== Problem to solve ==
A faithful transcription of all the entries below is needed, without the pictures.

========================

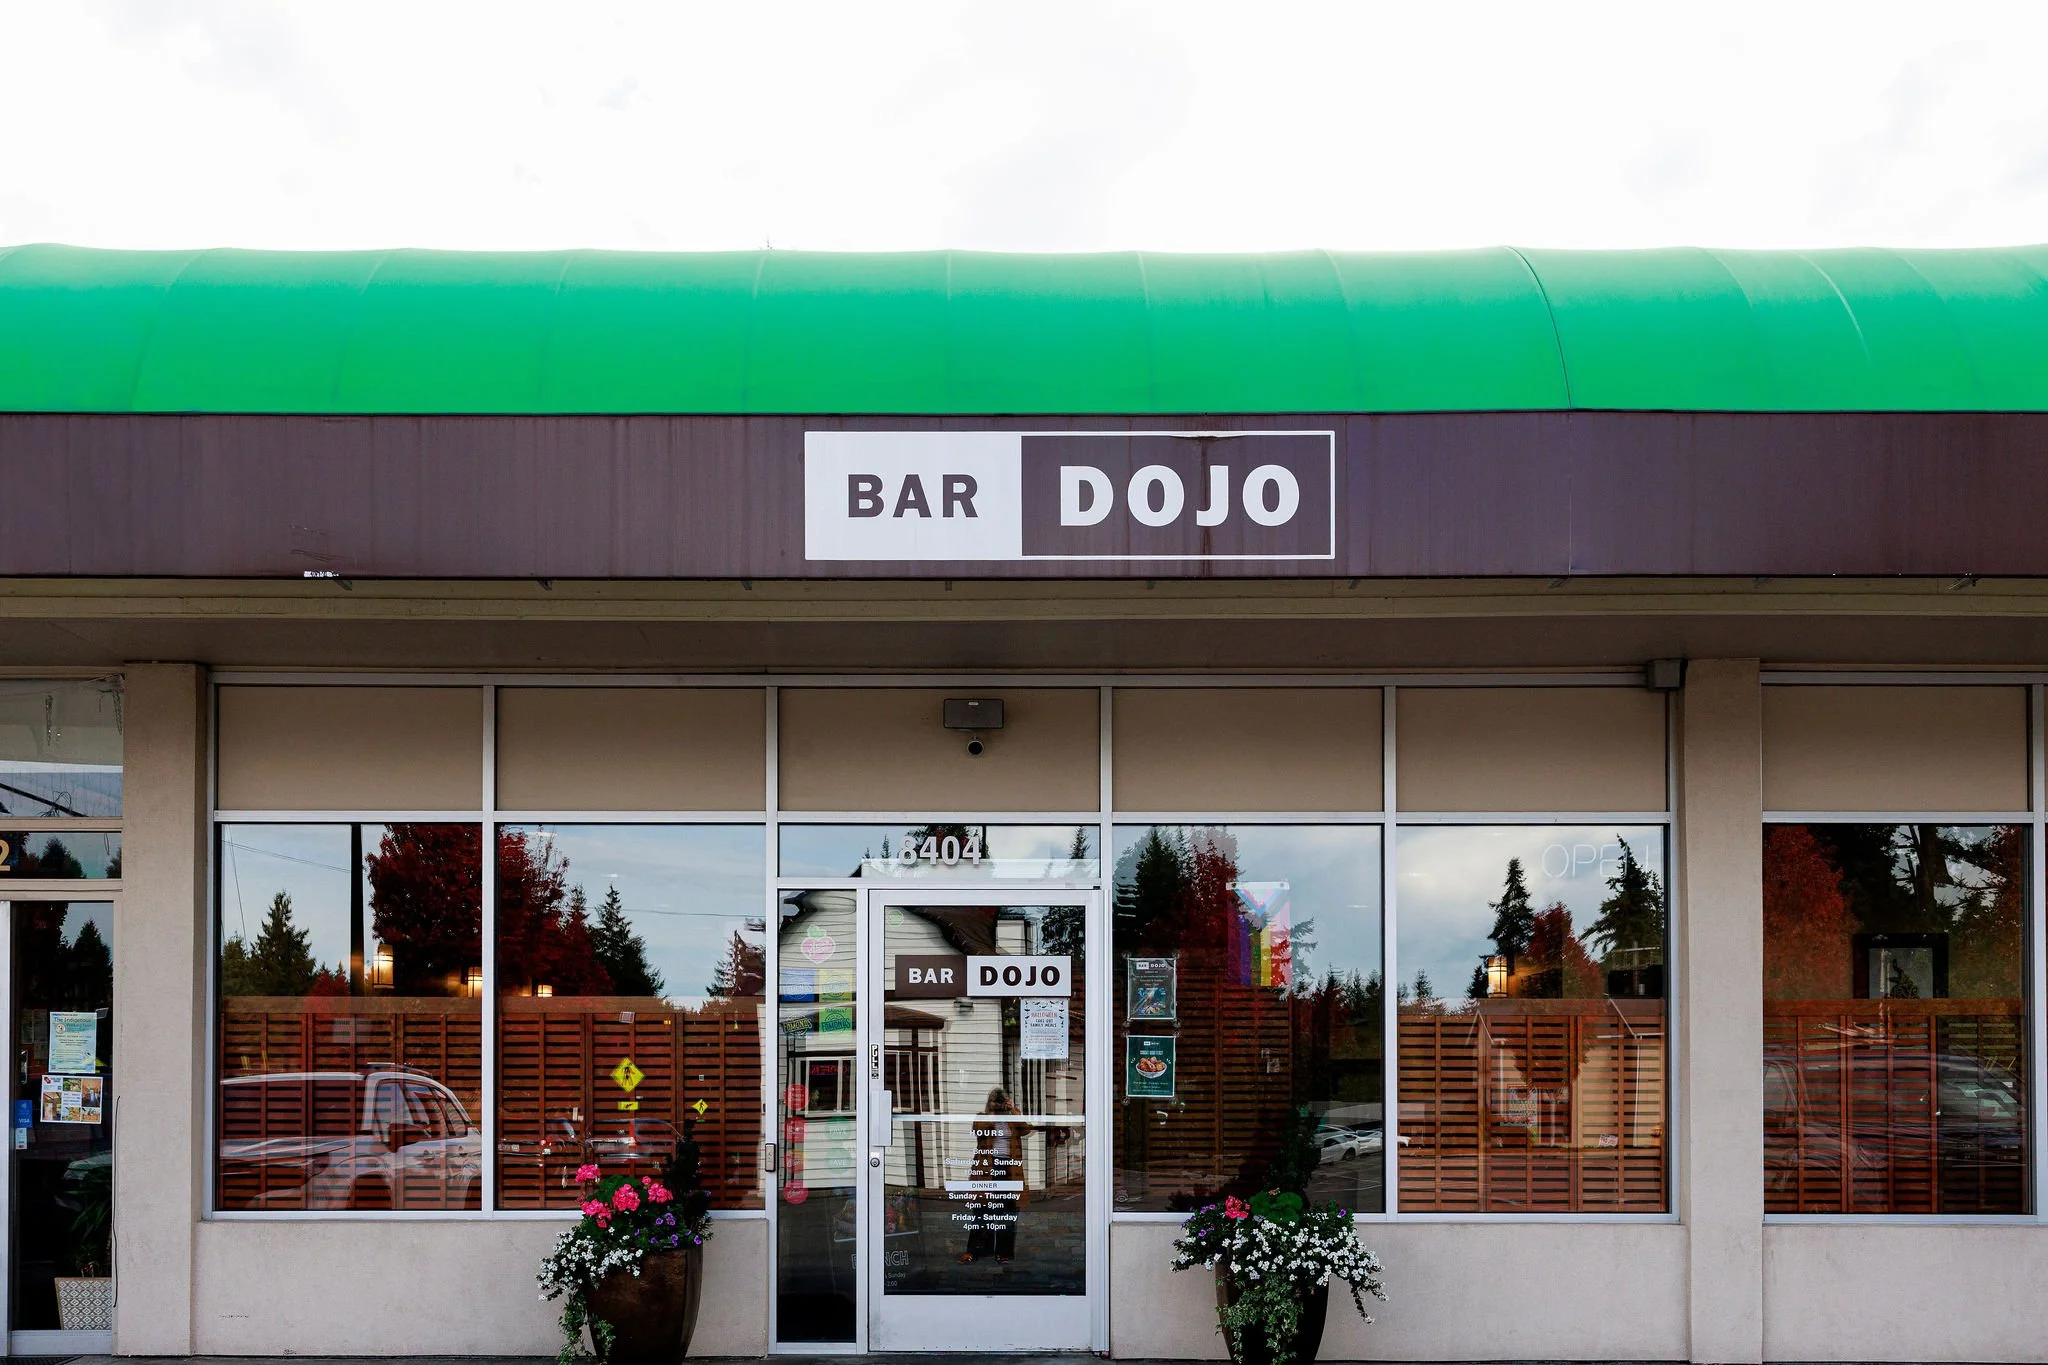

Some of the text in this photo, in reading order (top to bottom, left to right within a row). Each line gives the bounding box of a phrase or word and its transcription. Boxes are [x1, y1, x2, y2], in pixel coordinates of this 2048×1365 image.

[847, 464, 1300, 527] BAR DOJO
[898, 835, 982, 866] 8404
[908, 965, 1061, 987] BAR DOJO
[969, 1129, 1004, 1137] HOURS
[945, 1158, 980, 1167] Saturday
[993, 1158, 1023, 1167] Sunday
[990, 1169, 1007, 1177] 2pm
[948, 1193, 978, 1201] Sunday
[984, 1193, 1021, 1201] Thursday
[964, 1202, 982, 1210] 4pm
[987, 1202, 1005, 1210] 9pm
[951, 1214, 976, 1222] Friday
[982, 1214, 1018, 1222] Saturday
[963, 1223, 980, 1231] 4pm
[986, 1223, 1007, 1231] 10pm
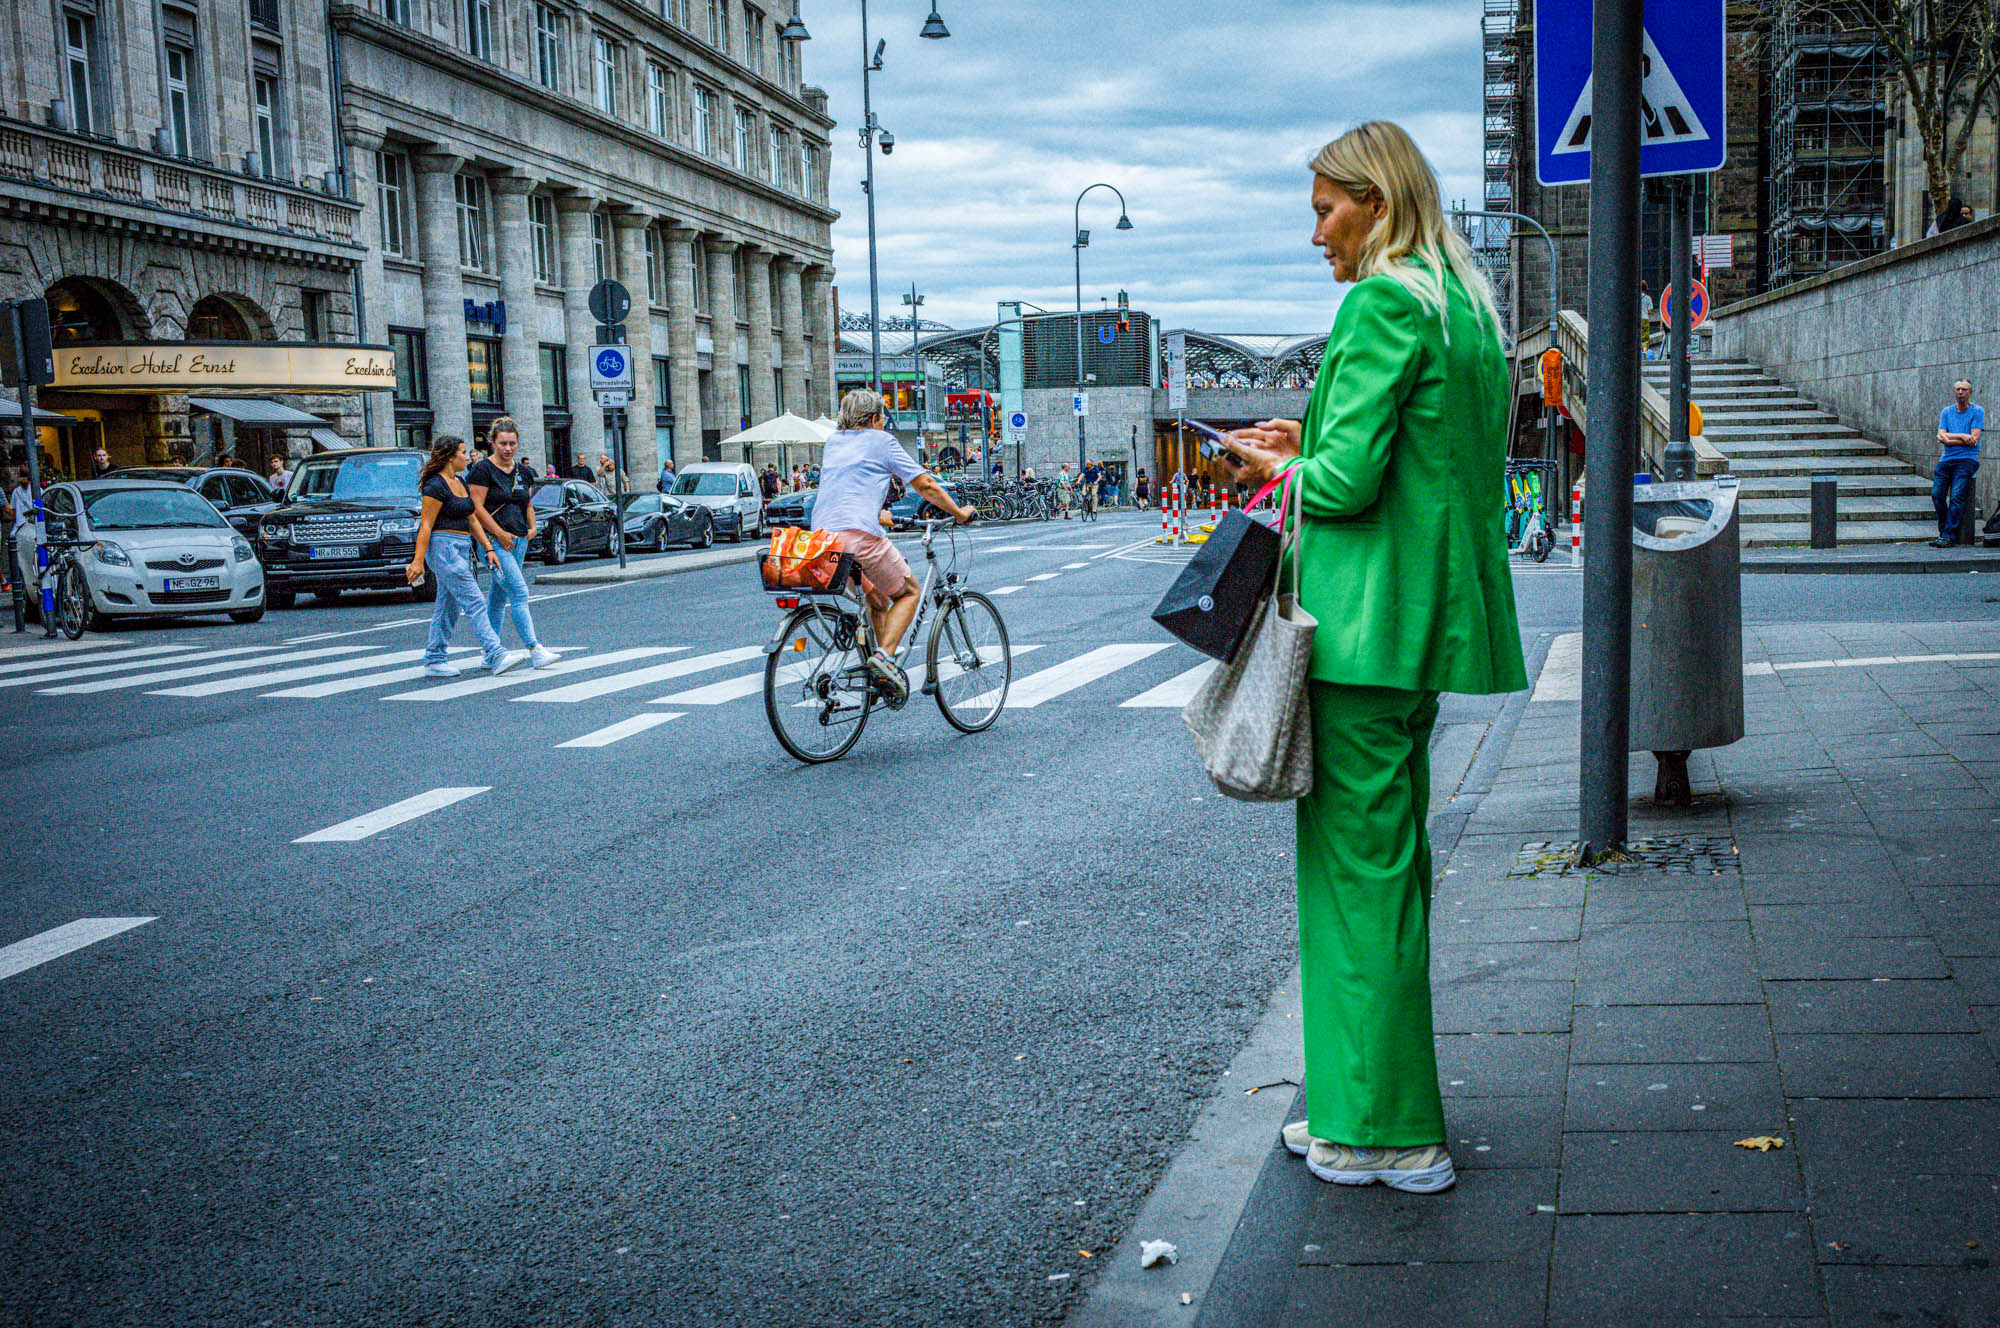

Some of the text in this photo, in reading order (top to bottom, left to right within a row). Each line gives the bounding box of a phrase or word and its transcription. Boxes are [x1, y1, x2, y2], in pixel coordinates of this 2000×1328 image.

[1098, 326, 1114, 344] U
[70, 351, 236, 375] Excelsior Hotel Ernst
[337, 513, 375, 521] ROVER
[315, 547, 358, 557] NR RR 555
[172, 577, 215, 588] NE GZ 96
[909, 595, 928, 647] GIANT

========================

== Solved problem ==
Some of the text in this photo, in reading order (top to bottom, left to right within a row). Each line gives the bounding box of a phrase or word and its transcription. Boxes are [x1, y1, x2, y2], in pixel coordinates of this 2048×1365 image.

[847, 464, 1300, 527] BAR DOJO
[898, 835, 982, 866] 8404
[908, 965, 1061, 987] BAR DOJO
[969, 1129, 1004, 1137] HOURS
[945, 1158, 980, 1167] Saturday
[993, 1158, 1023, 1167] Sunday
[990, 1169, 1007, 1177] 2pm
[948, 1193, 978, 1201] Sunday
[984, 1193, 1021, 1201] Thursday
[964, 1202, 982, 1210] 4pm
[987, 1202, 1005, 1210] 9pm
[951, 1214, 976, 1222] Friday
[982, 1214, 1018, 1222] Saturday
[963, 1223, 980, 1231] 4pm
[986, 1223, 1007, 1231] 10pm

Some of the text in this photo, in reading order (top to bottom, left to right within a row). Each line gives the bounding box of a phrase or word and its transcription. Boxes are [x1, y1, x2, y2], in pixel coordinates of this 2000×1328 image.

[1098, 326, 1114, 344] U
[70, 351, 236, 375] Excelsior Hotel Ernst
[337, 513, 375, 521] ROVER
[315, 547, 358, 557] NR RR 555
[172, 577, 215, 588] NE GZ 96
[909, 595, 928, 647] GIANT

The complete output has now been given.